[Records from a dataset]
━━━━━━━━━━━━━━━━

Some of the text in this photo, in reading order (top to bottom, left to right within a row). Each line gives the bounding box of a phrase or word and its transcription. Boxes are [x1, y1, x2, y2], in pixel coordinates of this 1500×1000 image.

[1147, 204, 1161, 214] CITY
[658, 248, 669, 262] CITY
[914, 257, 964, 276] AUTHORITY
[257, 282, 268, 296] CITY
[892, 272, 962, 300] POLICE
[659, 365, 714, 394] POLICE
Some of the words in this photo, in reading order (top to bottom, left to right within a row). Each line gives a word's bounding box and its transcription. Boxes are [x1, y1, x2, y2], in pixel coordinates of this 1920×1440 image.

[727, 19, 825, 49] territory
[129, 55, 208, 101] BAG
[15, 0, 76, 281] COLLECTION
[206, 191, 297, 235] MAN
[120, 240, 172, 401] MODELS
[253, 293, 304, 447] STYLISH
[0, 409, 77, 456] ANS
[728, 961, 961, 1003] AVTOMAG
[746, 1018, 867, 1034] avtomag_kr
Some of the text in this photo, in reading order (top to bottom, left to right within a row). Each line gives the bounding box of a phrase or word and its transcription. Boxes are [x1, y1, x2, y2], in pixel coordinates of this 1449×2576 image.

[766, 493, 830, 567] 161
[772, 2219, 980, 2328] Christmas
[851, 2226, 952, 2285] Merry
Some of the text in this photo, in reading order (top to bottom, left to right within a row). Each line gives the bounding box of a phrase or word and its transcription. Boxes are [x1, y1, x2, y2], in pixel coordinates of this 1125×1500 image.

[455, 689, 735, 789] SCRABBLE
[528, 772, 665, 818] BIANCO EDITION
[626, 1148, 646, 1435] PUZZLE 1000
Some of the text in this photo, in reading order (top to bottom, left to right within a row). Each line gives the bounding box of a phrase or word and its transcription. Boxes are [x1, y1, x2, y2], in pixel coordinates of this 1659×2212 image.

━━━━━━━━━━━━━━━━

Starting with the line that contains "this 1125×1500 image.", copy each line through the end of the data exactly, and leave out all earlier lines.

Problem solution:
Some of the text in this photo, in reading order (top to bottom, left to right within a row). Each line gives the bounding box of a phrase or word and its transcription. Boxes are [x1, y1, x2, y2], in pixel coordinates of this 1125×1500 image.

[455, 689, 735, 789] SCRABBLE
[528, 772, 665, 818] BIANCO EDITION
[626, 1148, 646, 1435] PUZZLE 1000
Some of the text in this photo, in reading order (top to bottom, left to right within a row). Each line gives the bounding box of a phrase or word and its transcription. Boxes are [x1, y1, x2, y2], in pixel coordinates of this 1659×2212 image.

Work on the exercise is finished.